Editorial: How we vote, Part Ten: Local representation, proportionality and less corruption

Sara Golling
By Sara Golling
August 8th, 2018

Local representation – everyone wants it, right?  Some people may not realize how important local representation is until  an issue arises that affects them directly.  Then suddenly they want to talk to their MLA. But wait; do they want to talk to an MLA for a party they didn’t vote for?

We do have local representation now, with the current First-Past-the-Post (FPTP) system, but is your local MLA truly accessible under this system? That depends on which district a voter is in, and which party they support.  For the  true majority – 59.74% — who voted NDP in the West Kootenay district, the local MLA is an obvious choice to see about any concerns; but what about the 24.33%  who voted Liberal?  Do they feel comfortable taking their concerns to a representative who belongs to the “other side” politically?

What about the Nelson-Creston district, where 28.16%  voted Green, but there’s no Green MLA closer than Vancouver Island?  

The three Proportional Representation (ProRep) systems we can choose from this fall all keep local representation, and improve it by making the composition of the Legislature more closely match the composition of the voting public.  Then, voters of any major political  persuasion are more likely to be able to talk with an MLA whose world-view is more compatible with their own.  And all MLAs will still be answerable to and accountable to the voters in their district or region.

The Tyee published a recent article on this topic, by Seth Klein.

There are three ProRep systems on offer this fall, and all of them meet the basic requirements of local representation, simplicity for the voter, proportionality, and keeping the size of the Legislature reasonable.

To recap: Voters can decide whether to stick with FPTP, or instead try out a ProRep system before voting on it again in a second referendum after two elections. But we don’t have to vote on which ProRep system we want, if we don’t have any preference for one of the three on the ballot.

But, let’s digress to talk a bit about a criticism of one of the choices on offer . . .  

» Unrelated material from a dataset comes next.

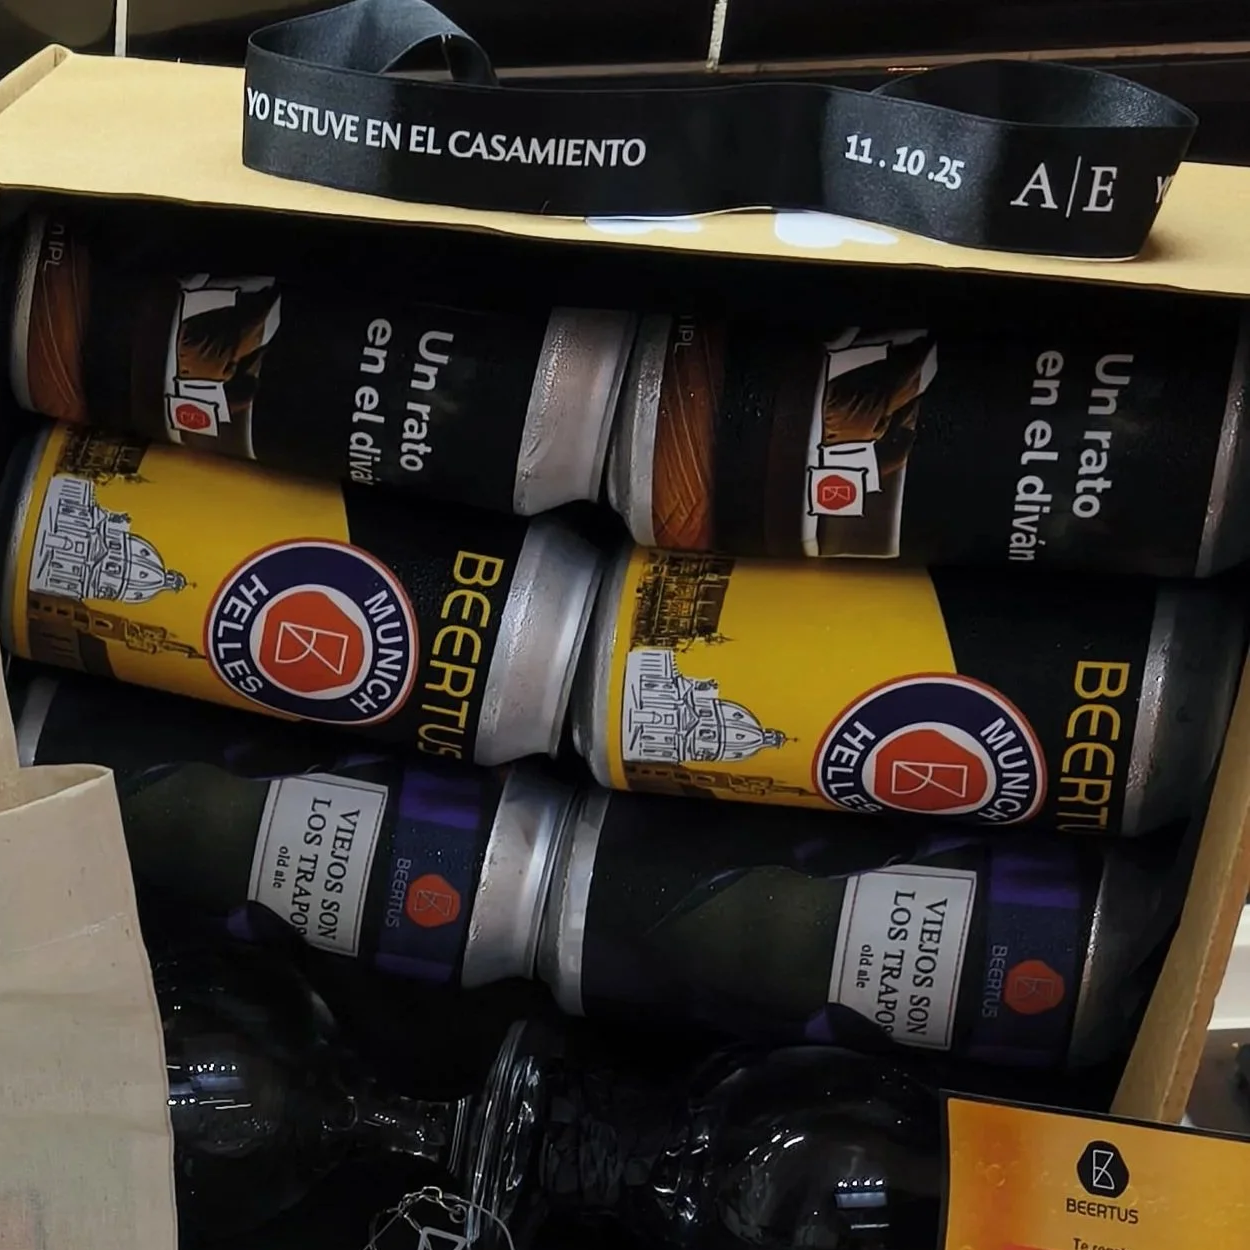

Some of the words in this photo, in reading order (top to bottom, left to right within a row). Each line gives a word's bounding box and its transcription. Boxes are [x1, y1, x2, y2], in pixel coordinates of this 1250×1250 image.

Some opponents of ProRep are claiming that it’s “unconstitutional” to have a voting system with different components for the urban and rural districts, as the “Rural-Urban PR” system would.  I can’t imagine why they think it’s “unconstitutional” to use different systems to achieve the same result – proportionality – for rural and urban districts.  The differences between urban and rural districts are  real, and the Rural-Urban PR system is designed to accommodate the differences, to better suit those districts.

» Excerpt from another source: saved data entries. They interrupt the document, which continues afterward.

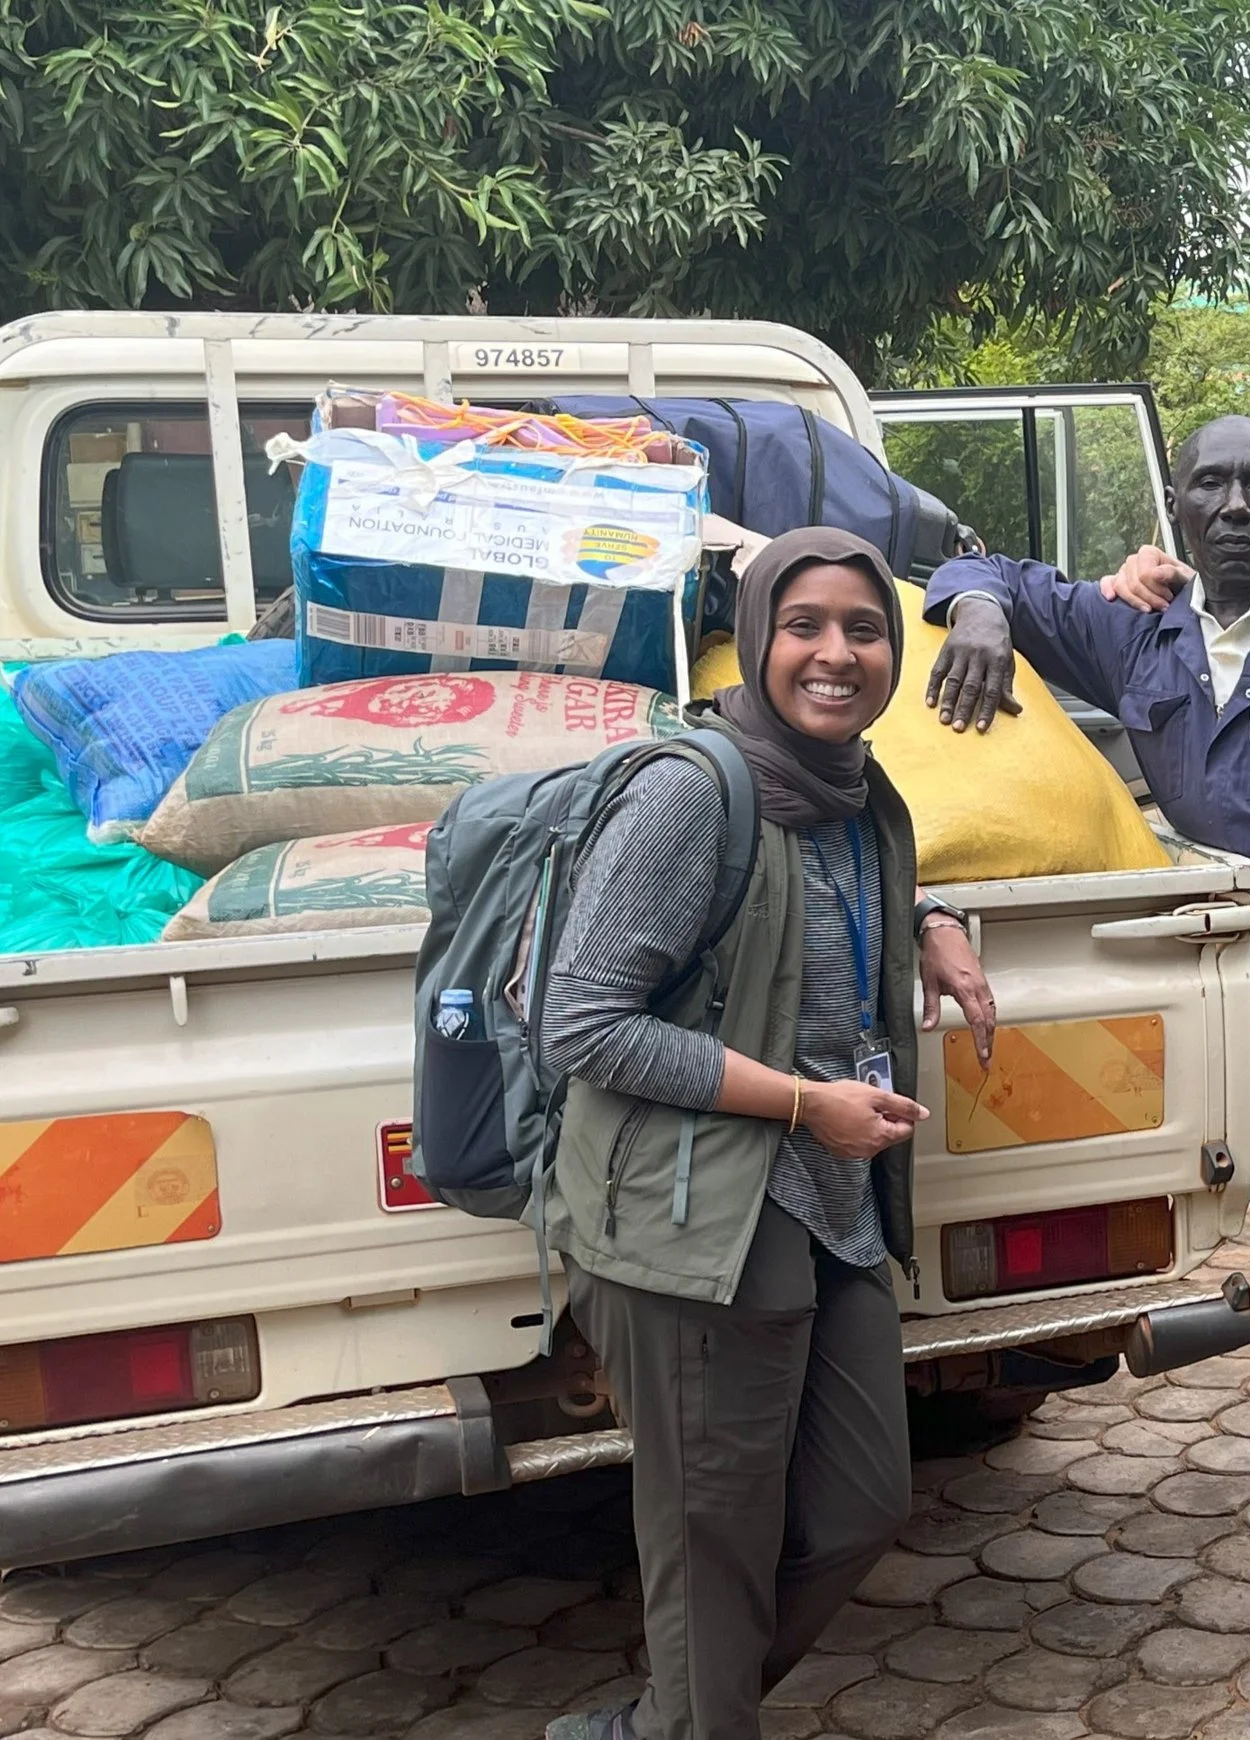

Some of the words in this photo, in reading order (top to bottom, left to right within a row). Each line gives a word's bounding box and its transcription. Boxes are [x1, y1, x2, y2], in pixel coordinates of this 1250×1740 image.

[475, 348, 564, 367] 974857
[351, 503, 549, 534] AUSRALIA
[472, 532, 549, 551] MEDICAL
[583, 528, 638, 541] HUMANITY
[472, 548, 549, 570] GLOBAL
[137, 669, 182, 712] GROUP
[565, 680, 600, 732] GAR
[603, 681, 640, 744] KIRA

Under the Rural-Urban PR system, the Single Transferable Vote (STV) proposed for densely-populated urban districts would achieve a high degree of proportionality, and the Mixed-Member Proportional (MMP) system would be used for the more sparsely populated rural districts to achieve proportionality.  

Is anyone out there still wondering why proportionality is important?  Anyone who still thinks we should continue to give a party absolute power to rule the province on the basis of a minority of support? 

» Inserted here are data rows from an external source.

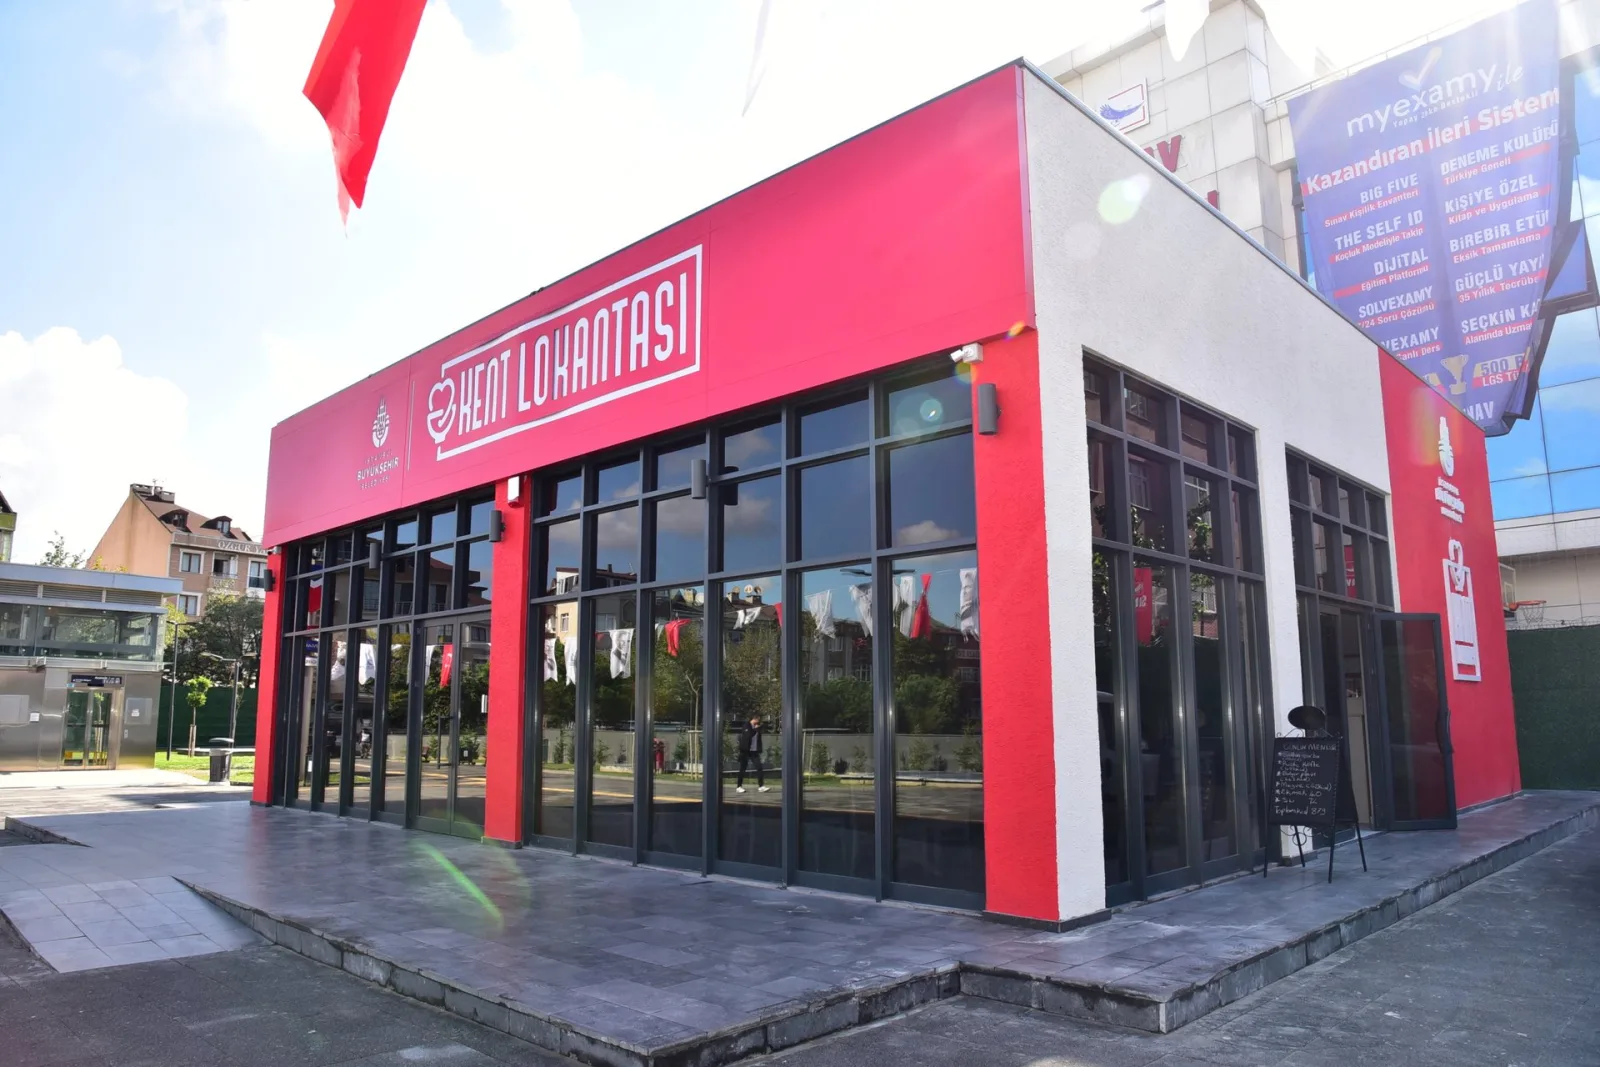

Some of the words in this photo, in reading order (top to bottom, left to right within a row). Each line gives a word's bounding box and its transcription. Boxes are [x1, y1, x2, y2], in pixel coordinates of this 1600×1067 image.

[1497, 64, 1524, 92] ile
[1346, 64, 1496, 137] myexamy
[1305, 139, 1424, 195] Kazandıran
[1440, 144, 1499, 176] DENEME
[1444, 167, 1479, 186] Türkiye
[1481, 156, 1511, 173] Geneli
[1360, 185, 1383, 204] BIG
[1387, 173, 1419, 194] FIVE
[1445, 186, 1494, 214] KİŞİYE
[1499, 174, 1538, 196] ÖZEL
[1324, 214, 1348, 228] Sınav
[1377, 189, 1419, 208] Envanteri
[1448, 210, 1472, 225] Kitap
[1475, 207, 1487, 216] ve
[1488, 191, 1539, 213] Uygulama
[1334, 230, 1362, 250] THE
[1366, 216, 1402, 240] SELF
[1407, 210, 1423, 226] ID
[1334, 248, 1361, 262] Koçluk
[1362, 235, 1400, 253] Modeliyle
[1401, 227, 1424, 240] Takip
[1449, 223, 1511, 253] BİREBİR
[1373, 248, 1429, 276] DİJİTAL
[1453, 250, 1479, 264] Eksik
[1481, 232, 1541, 256] Tamamlama
[1361, 278, 1387, 291] Eğitim
[1389, 265, 1429, 283] Platformu
[1455, 263, 1503, 292] GÜÇLÜ
[1358, 286, 1433, 318] SOLVEXAMY
[1459, 293, 1471, 303] 35
[1472, 286, 1496, 299] Yıllık
[1377, 315, 1398, 324] Soru
[1400, 303, 1435, 320] Çözümü
[1461, 308, 1516, 334] SEÇKİN
[1421, 344, 1441, 356] Ders
[1465, 328, 1504, 345] Alanında
[458, 349, 512, 436] KENT
[517, 272, 688, 413] LOKANTASI
[1481, 358, 1509, 376] 500
[1482, 373, 1504, 387] LGS

The problem I see with this typical FPTP outcome is that government decisions are made for all of us on the basis of only one political “voice” – the “single story” referred to in Part Eight of this series.  When there’s only one set of priorities and one set of information to consider, decisions can be made with blinding speed – and, often, blindness to some important facts.  That “blinding” effect can lead to unintended consequences, some of them disastrous.

When the province’s MLAs better reflect the numbers of voters supporting each party, then—unless one party gains a true majority of the votes – the parties will need to discuss decisions, exchange more information and accommodate each other’s priorities to some extent.  Decisions will be informed by more information instead of less information.

Aside from the FPTP unfairness of often shutting out the values and concerns of the majority of voters — when one party gets 100% of the power with a minority of the vote, that party has absolute power.  We all know the old saying about the effect of absolute power: “Absolute power corrupts absolutely.”

Like many sayings, it may not always be altogether true, but there is enough truth in it that we should refuse to continue a system that bestows absolute and undeserved power so often.  Aren’t we striving for less corruption in government? 

No corruption would be  best. I think ProRep would help with that.

We’ve all heard a lot about electoral fraud in recent years, too.  According to Jan Teorell, a political scientist at Lund University in Sweden, proportional representation elections present less risk of electoral fraud than majority elections in single-member constituencies.

And for those who harp on about “stable” government, I agree that stability is generally a good thing.  As the illustration for this editorial shows, ProRep is used by the five countries judged “most stable” by the Fund For Peace, but we should all remember that national stability is affected by a host of other factors. Life is complicated. But we can aim to have the simplicity of fair representation in our Legislature.